Gender differences in mesenteric endothelial function were studied in male and female streptozotocin (60 mg/kg, iv)‐induced diabetic rats. Endothelium‐dependent vasodilation (EDV) to acetylcholine (ACh, 10 −8 to 10 −5 M) in mesenteric arteries precontracted with phenylephrine (2 μM) was measured before and after pretreatment with indomethacin (indo, 10 μM), a cyclooxygenase inhibitor, L‐NAME (200 μM), a nitric oxide (NO) synthase inhibitor, or barium chloride (100 μM), a K ir channel blocker, and ouabain (10 μM), a Na + ‐K + ‐ATPase inhibitor. Significant impairment of EDV was observed only in diabetic females. Indo decreased the sensitivity to ACh only in control males. Addition of L‐NAME reduced indo‐resistant vasodilation in females, but its effect was much greater in diabetic females. In control males, however, L‐NAME substantially blocked the remaining relaxation, and this effect was attenuated in diabetic males.
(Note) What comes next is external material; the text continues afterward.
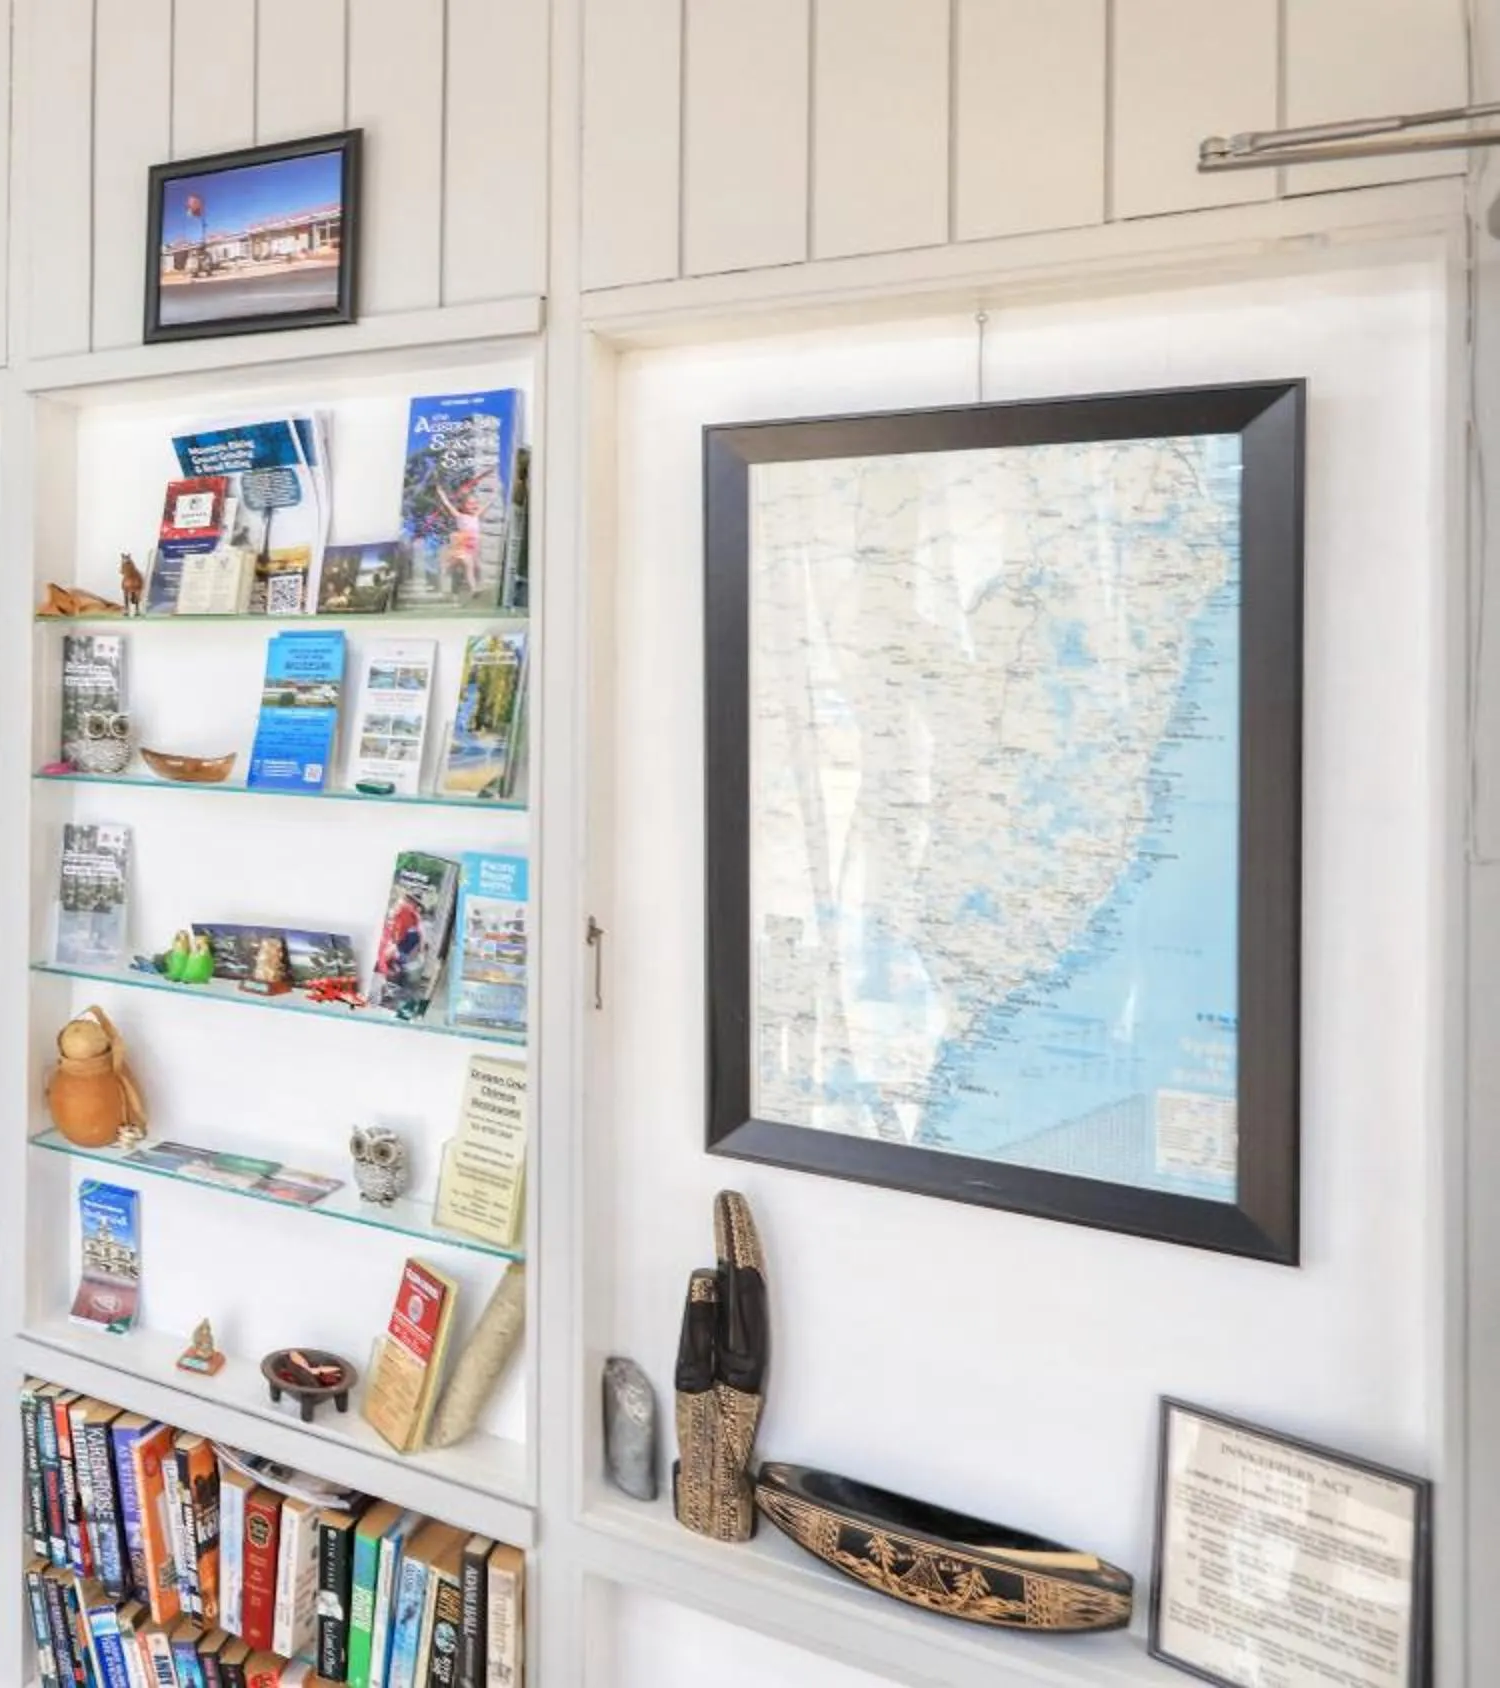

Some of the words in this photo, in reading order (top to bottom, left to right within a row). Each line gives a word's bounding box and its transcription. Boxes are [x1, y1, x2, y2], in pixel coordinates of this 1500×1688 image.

Finally, the remaining indo‐ and L‐NAME‐resistant vasodilation was abolished by the combination of barium and ouabain in all groups. These data suggest that the predominant mediator in mesenteric vasodilation in females is endothelium‐derived hyperpolarizing factors (EDHF), whereas in males it is NO. Furthermore, there was a shift in the contributions of EDHF to NO in females and NO to EDHF in males following the induction of diabetes (Supported by NIDCR).